No matter where you fall on the political spectrum, it’s all but impossible to argue that Dr. Martin Luther King, Jr. is anything less than a hero of the civil rights movement. A perfect person? Of course not, but his contribution to American society and equality can not be understated. At the same time, during the height of this struggle, it’s impossible not to take notice of how the government looked askew at Dr. King. That suspicion, as well as the forced that conspired against him, form the basis of the documentary MLK/FBI, continuing its festival run with a stopover at the 58th New York Film Festival. Not just one of the best docs of the year so far, it’s incendiary and vital, while never forgetting to draw you in. With a narrative as thrilling as any Hollywood conspiracy picture, it’s impossible not to get wrapped up in this one.

MLK/FBI features well known historical figures like Dr. King, J. Edgar Hoover, President Lyndon Johnson, Robert F. Kennedy, and more, but the doc is primarily concerned what why figures did what they did. That question is never a simple one to answer, but it’s to the film’s credit that an ample attempt is made. The effectiveness at which the historical record is presented, as well as the fluidity with which it’s conveyed cinematically, makes it one of NYFF’s best this year.

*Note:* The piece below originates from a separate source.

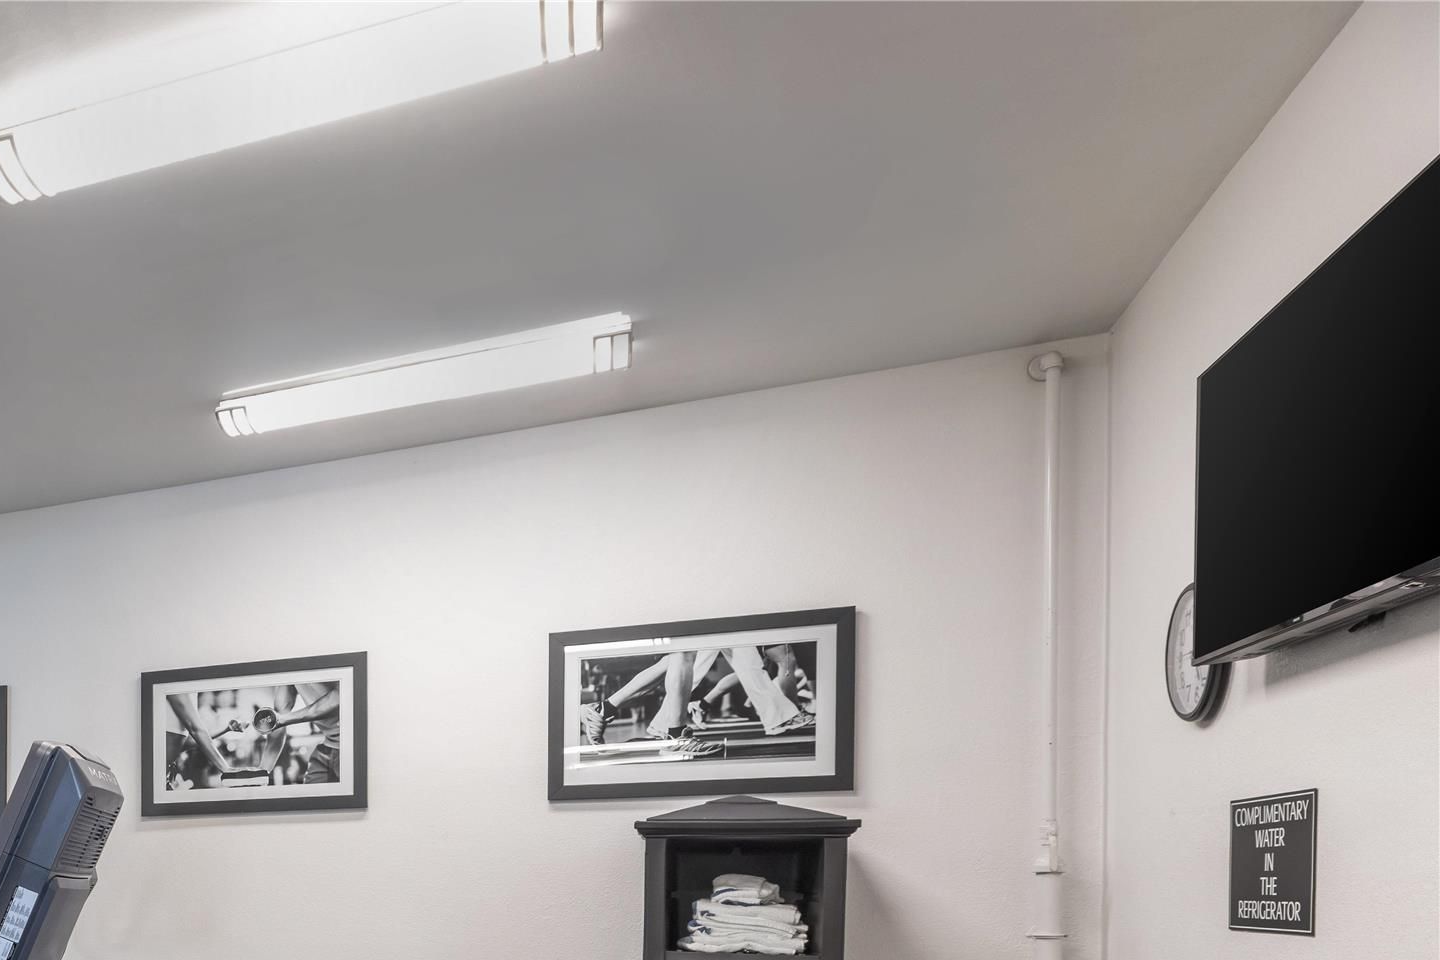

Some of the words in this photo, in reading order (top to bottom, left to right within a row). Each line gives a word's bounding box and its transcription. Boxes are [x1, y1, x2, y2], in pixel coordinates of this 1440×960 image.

Utilizing newly declassified files from the time period, the documentary looks at the breadth and scope of the United States government’s harassment, surveillance, and overall suspicion of Dr. Martin Luther King, Jr. Mainly, this comes from the Federal Bureau of Investigation and their director, J. Edgar Hoover. Watching the evolution of how Hoover and the FBI target Dr. King over the years, the doc also focuses on the government’s past history targeting black activists. It’s impossible not to draw parallels to a lot of what’s going on today between our government and those fighting for change, which the filmmaker does not shy away from.

Not only does MLK/FBI provide insight into what was going on with Dr. King at the time, it also probes the FBI as well. It doesn’t just examine what Hoover and his cronies were doing to King, but how and, more importantly, why. Even as well known moments in history are flashed back to, it’s almost always tackled with a slightly new angle.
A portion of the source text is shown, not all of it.